Stored data:
:::

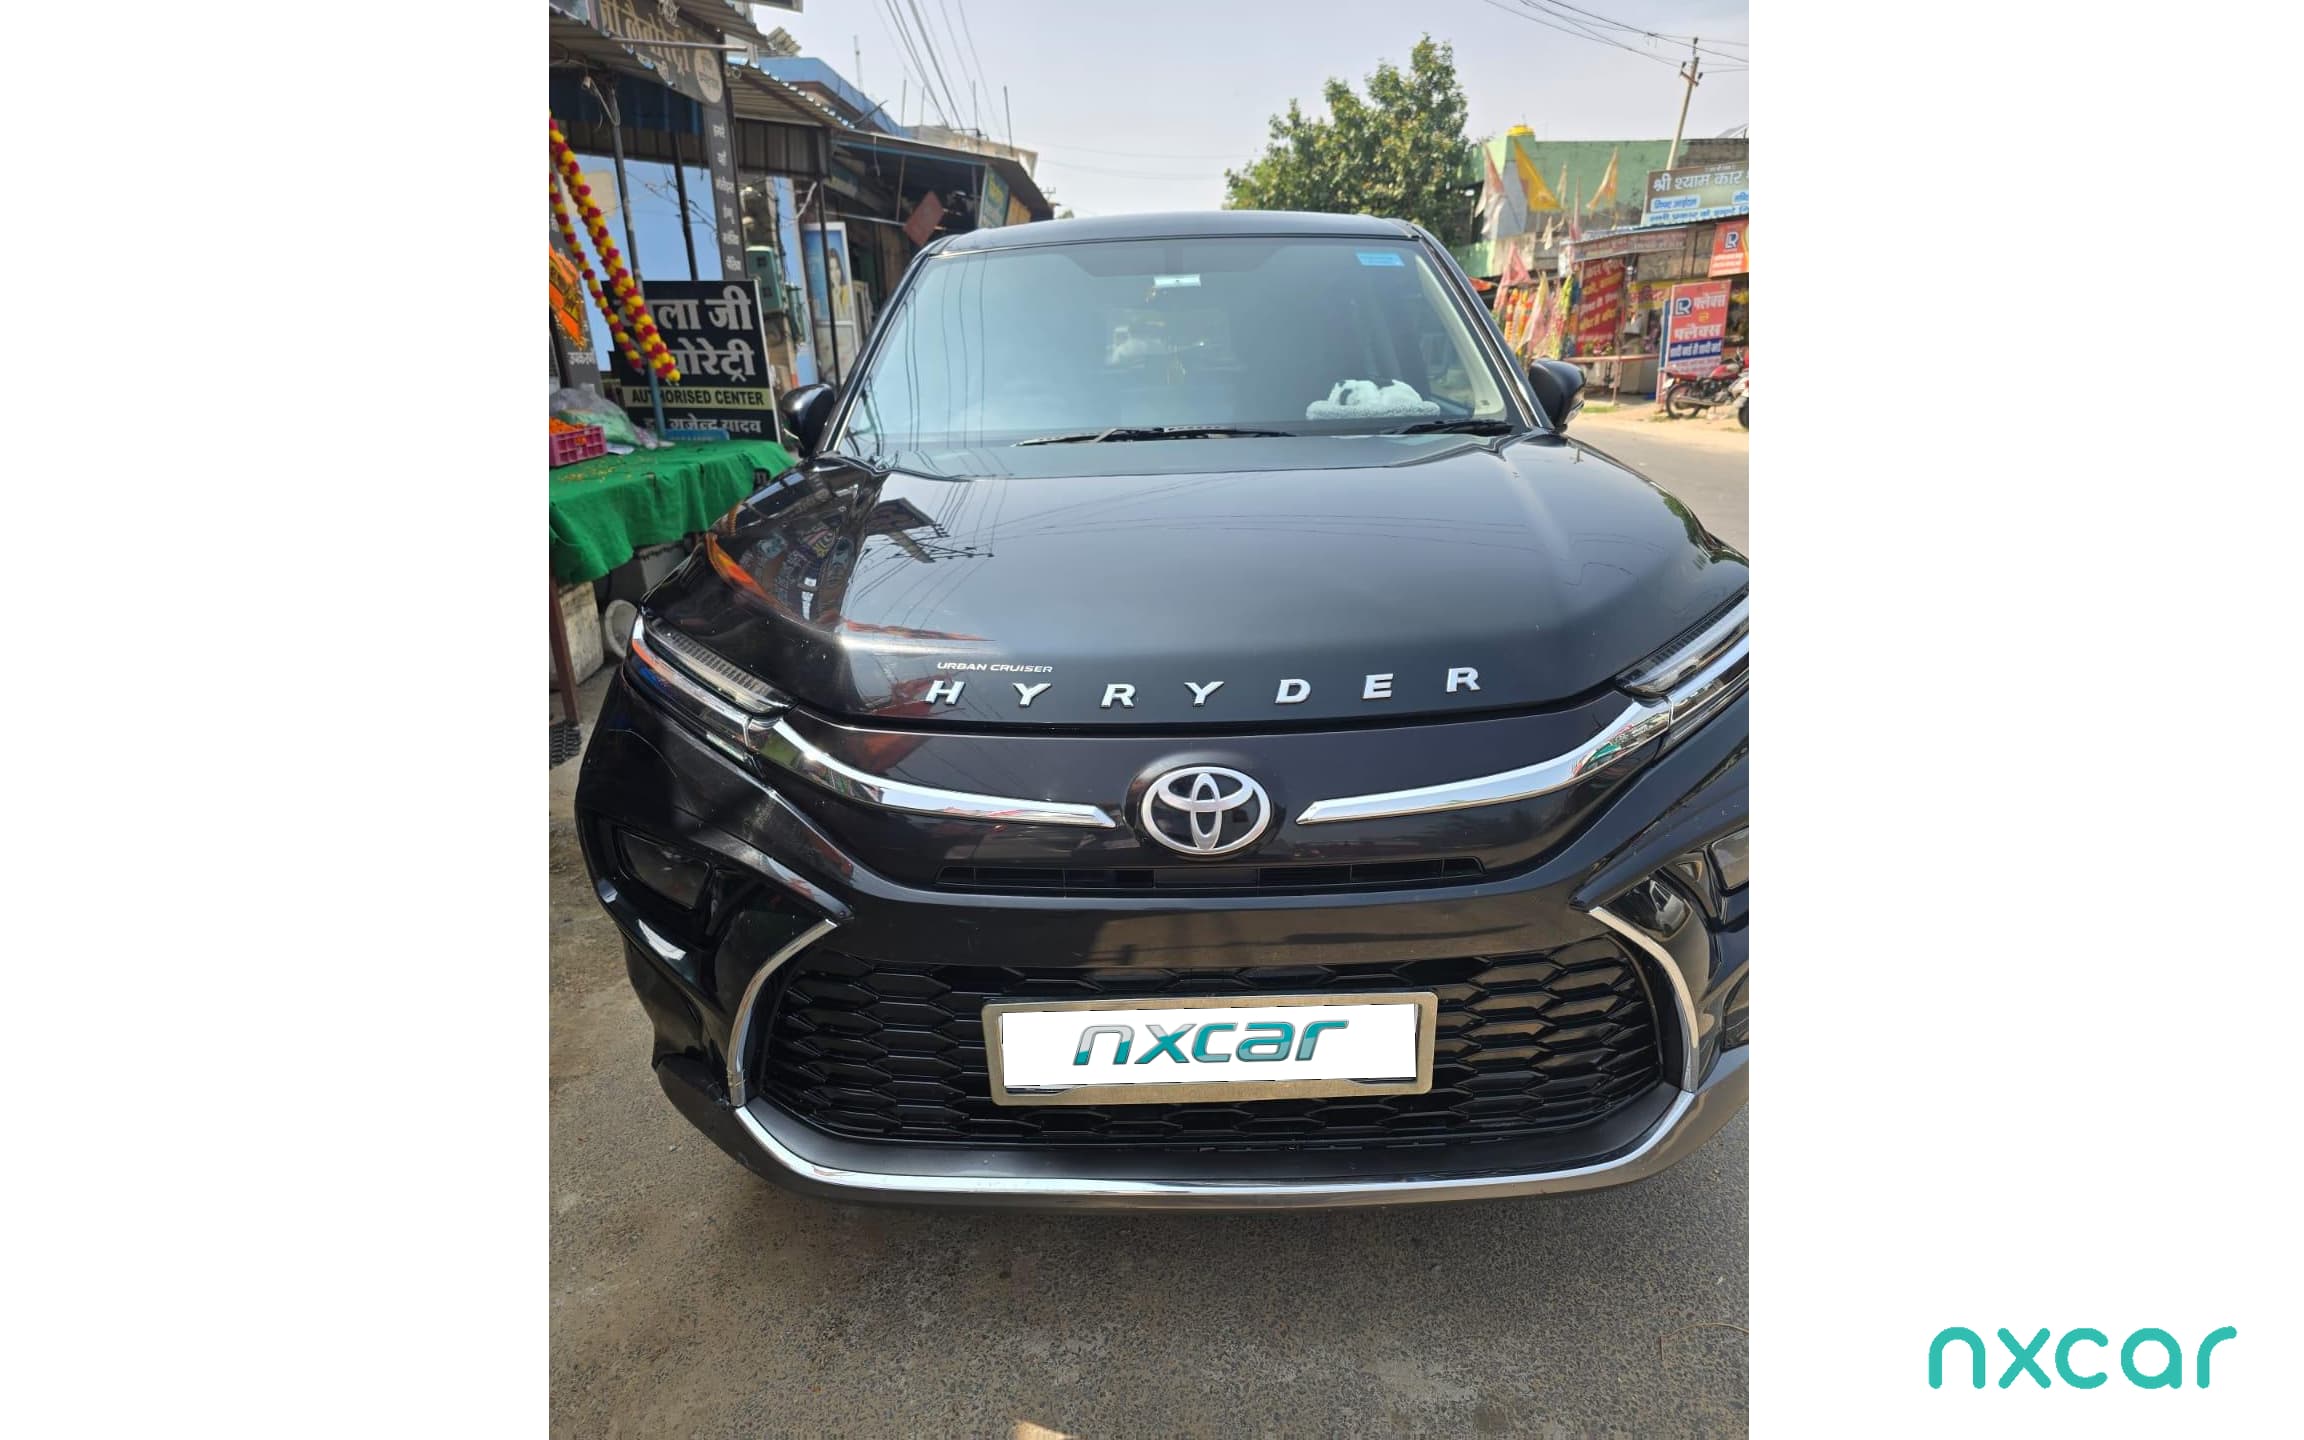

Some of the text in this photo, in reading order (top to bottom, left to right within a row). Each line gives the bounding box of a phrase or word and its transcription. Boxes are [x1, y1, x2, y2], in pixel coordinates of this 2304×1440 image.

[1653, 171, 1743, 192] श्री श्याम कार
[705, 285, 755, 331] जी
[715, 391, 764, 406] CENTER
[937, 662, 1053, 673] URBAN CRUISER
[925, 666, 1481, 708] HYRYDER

:::

Without carrying over any pictures, retype the records above exactly.

Written answer:
Some of the text in this photo, in reading order (top to bottom, left to right within a row). Each line gives the bounding box of a phrase or word and its transcription. Boxes are [x1, y1, x2, y2], in pixel coordinates of this 2304×1440 image.

[1653, 171, 1743, 192] श्री श्याम कार
[705, 285, 755, 331] जी
[715, 391, 764, 406] CENTER
[937, 662, 1053, 673] URBAN CRUISER
[925, 666, 1481, 708] HYRYDER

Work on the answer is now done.